Transactions can be validated statelessly, and the state database only needs to be checked for the existence of each consumed state element. In addition, there is no inherent limitation on which accounts sign a transaction, so a transaction can represent an atomic interaction between more than one user (e.g. an on-chain atomic exchange).

The transaction ID (a unique identifier for each transaction) is computed as the EIP-712 hash of the hash of the transaction data without witnesses. We will see in the next section why excluding witness data has some nice properties.

Inputs: Witnesses and Metadata

Witness and metadata
Input witness and metadata.

Each input is linked to a witness (generalization of a digital signature) and metadata.

Witnesses are either a digital signature, or an authorization from a smart contract on Ethereum (e.g. a smart contract wallet can be used to authorize Fuel transactions). In either case, authorization is performed on a transaction ID (as the in previous section, the non-witness transaction data), i.e. signatures are over the transaction ID.

Note: Signing over the transaction ID means that the transaction only has to be hashed once when verified, regardless of the number of inputs or outputs. This avoids the quadratic hashing issue seen in Bitcoin.

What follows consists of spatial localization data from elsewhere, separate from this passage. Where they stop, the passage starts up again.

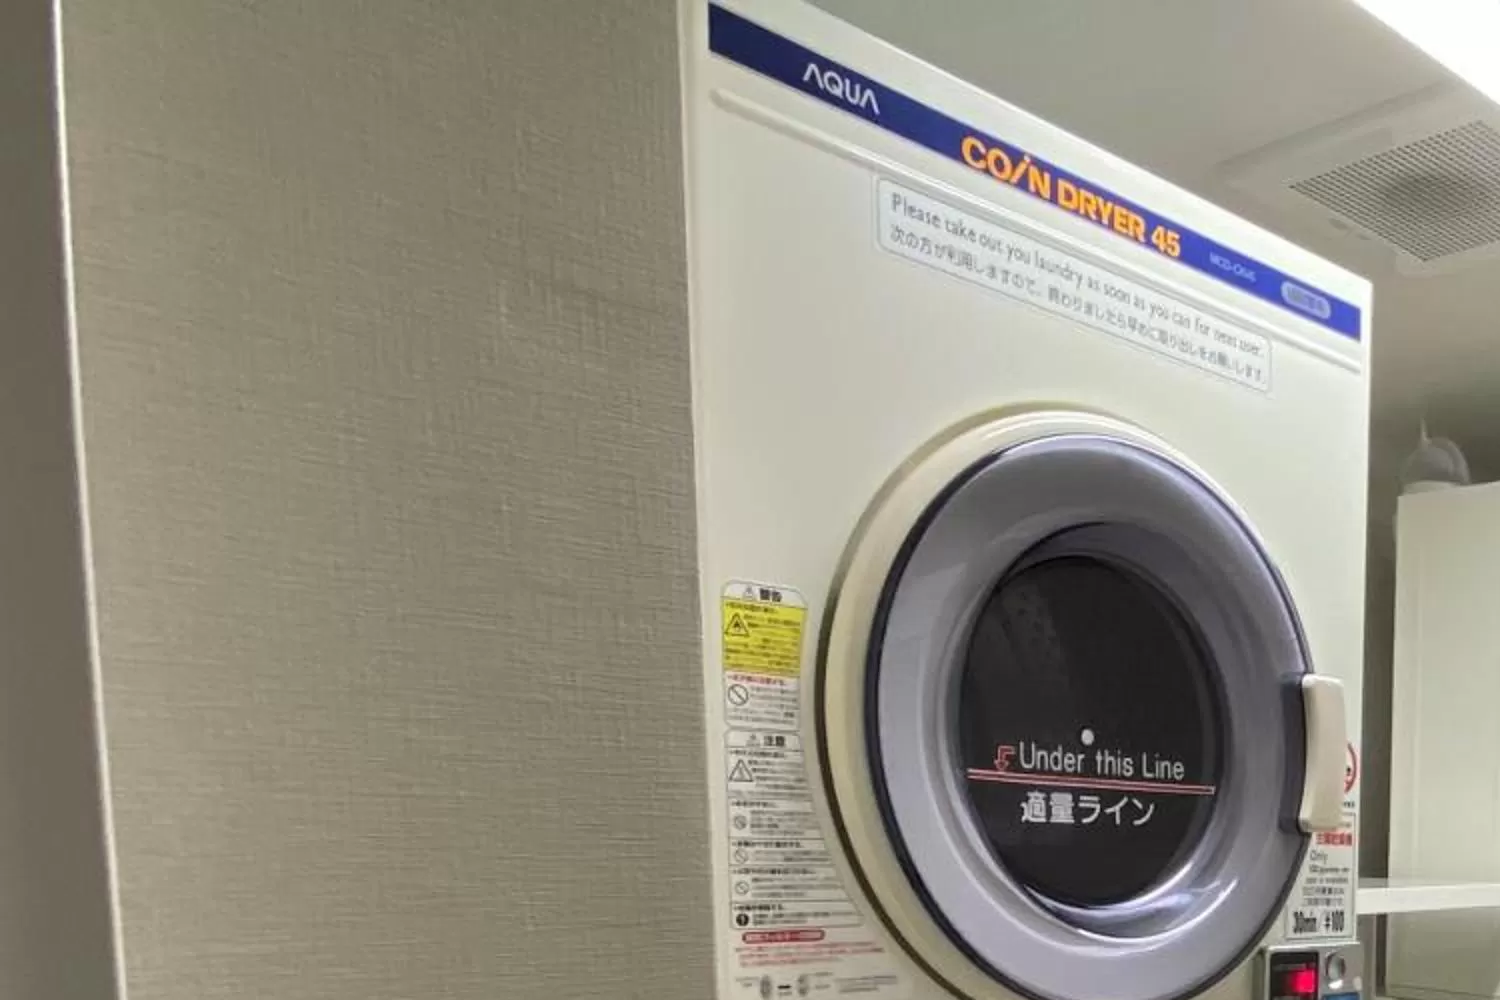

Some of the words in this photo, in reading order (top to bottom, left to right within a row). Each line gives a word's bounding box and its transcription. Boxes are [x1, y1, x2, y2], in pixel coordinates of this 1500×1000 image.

[802, 62, 880, 115] AQUA
[1057, 176, 1147, 243] DRYER
[1151, 224, 1182, 258] 45
[890, 191, 942, 230] Please
[944, 218, 977, 244] take
[979, 233, 1004, 254] out
[1006, 242, 1031, 265] you
[1034, 249, 1084, 292] laundry
[1087, 274, 1102, 290] as
[1103, 280, 1131, 304] soon
[1133, 292, 1146, 309] as
[1149, 297, 1170, 321] you
[1171, 306, 1191, 328] can
[1193, 314, 1211, 338] for
[1019, 741, 1084, 773] Under
[1096, 748, 1134, 777] this
[1142, 752, 1185, 780] Line
[1020, 790, 1155, 826] 適量ライン

Each input specifies a state element to consume (i.e. a UTXO ID, or a deposit ID), which is a 32-byte hash. This value is part of the non-witness transaction data, and is signed over. However, when posting transactions on Ethereum, explicit state element identifiers are stripped and replaced by more compact metadata, which "point" to a unique entry in the ledger (or a deposit). In other words, metadata will point to an exact output in the totally ordered outputs, transactions, roots, and blocks.

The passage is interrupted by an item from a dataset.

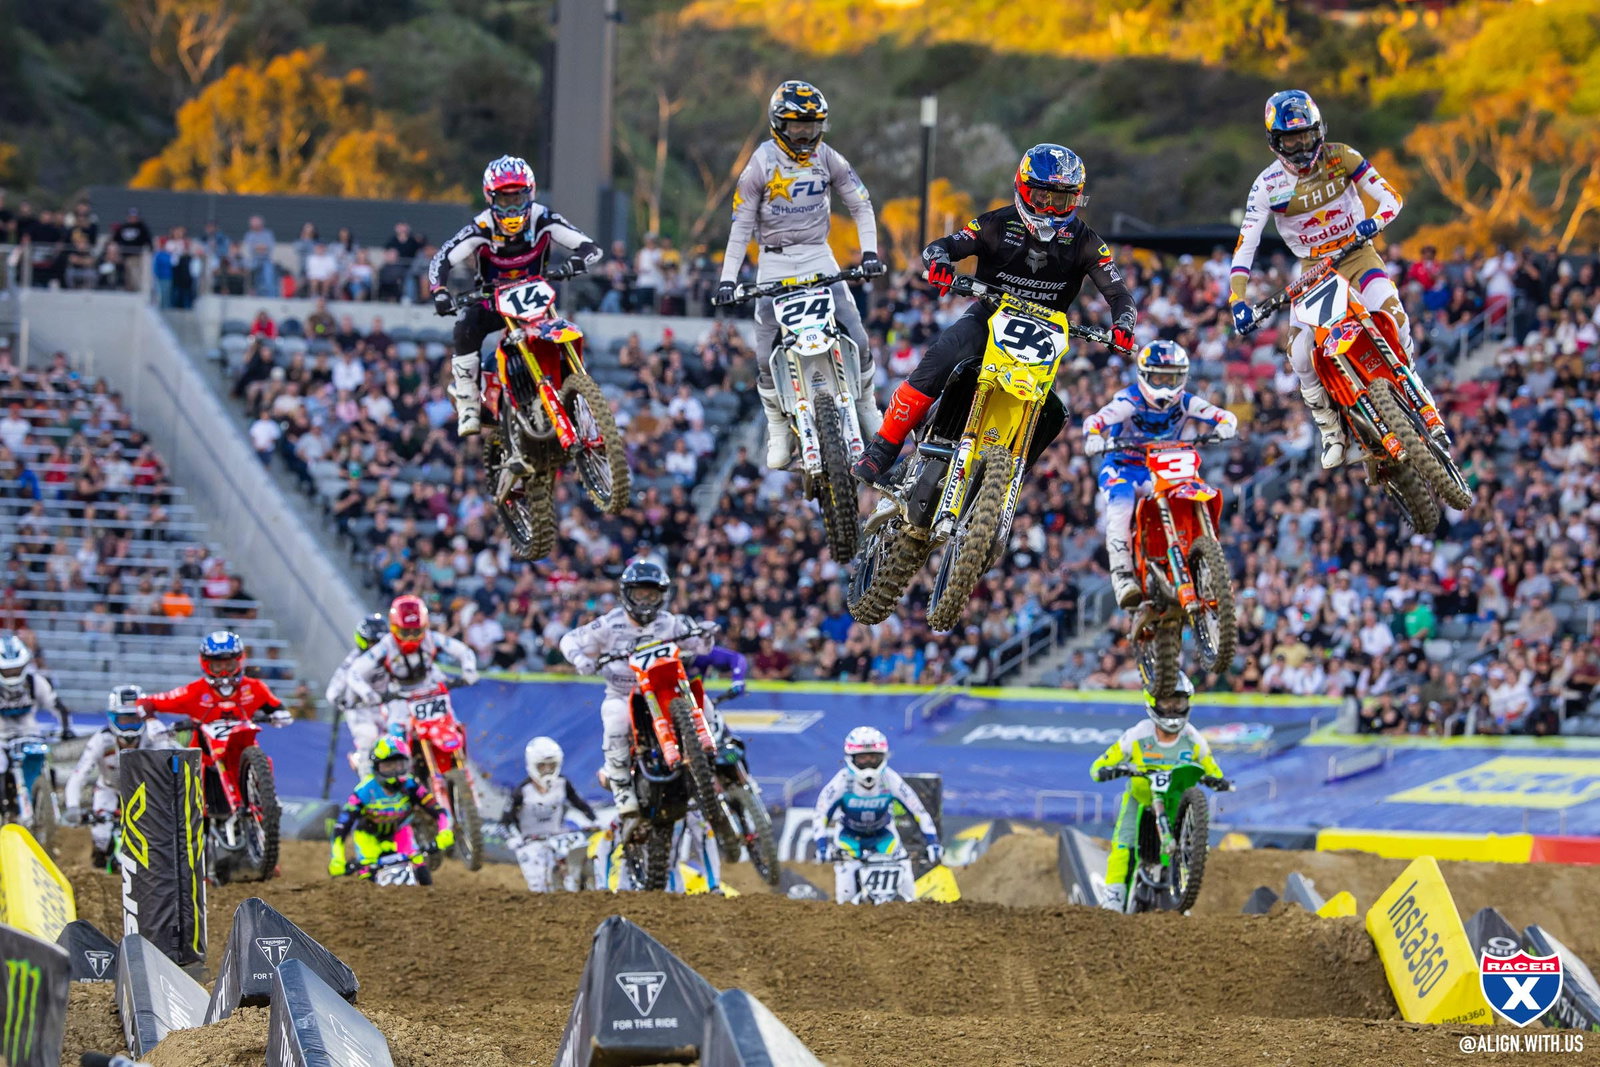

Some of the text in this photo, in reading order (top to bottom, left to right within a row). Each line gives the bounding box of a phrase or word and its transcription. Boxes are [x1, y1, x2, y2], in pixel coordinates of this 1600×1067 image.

Note: Given the one-to-one mapping between ledger entries and state element identifiers, it is easy to show the state element produced by an exact entry with a simple inclusion proof, leveraging the property that computing state element identifiers is a stateless operation.

Note: Extending the above, transaction IDs are not immediately obvious with only the data posted to Ethereum, since state element identifiers are missing. However, they can be proven, and the transaction IDs computed, with inclusion proofs for the entires pointed to by metadata.

Segregated Witnesses

Segregated witnesses
Segregated witnesses.

Fuel is designed with a form of segregated witness, where witness data is not bundled with inputs. While the previous sections provided intuition, they did not precisely describe where witnesses are placed in transactions.

Each input actually specifies a witness index that authorizes spending the referenced state element. This means that multiple inputs could use the same witness, which greatly reduces the cost of spending multiple state elements owned by the same account.

Simple Send Example

Simple send
A simple send.

As an example, the above is a simple one-input two-output simple send. One output is returned to the sender as change (there is no special change output type, so it looks like any other output). The other is sent to the recipient.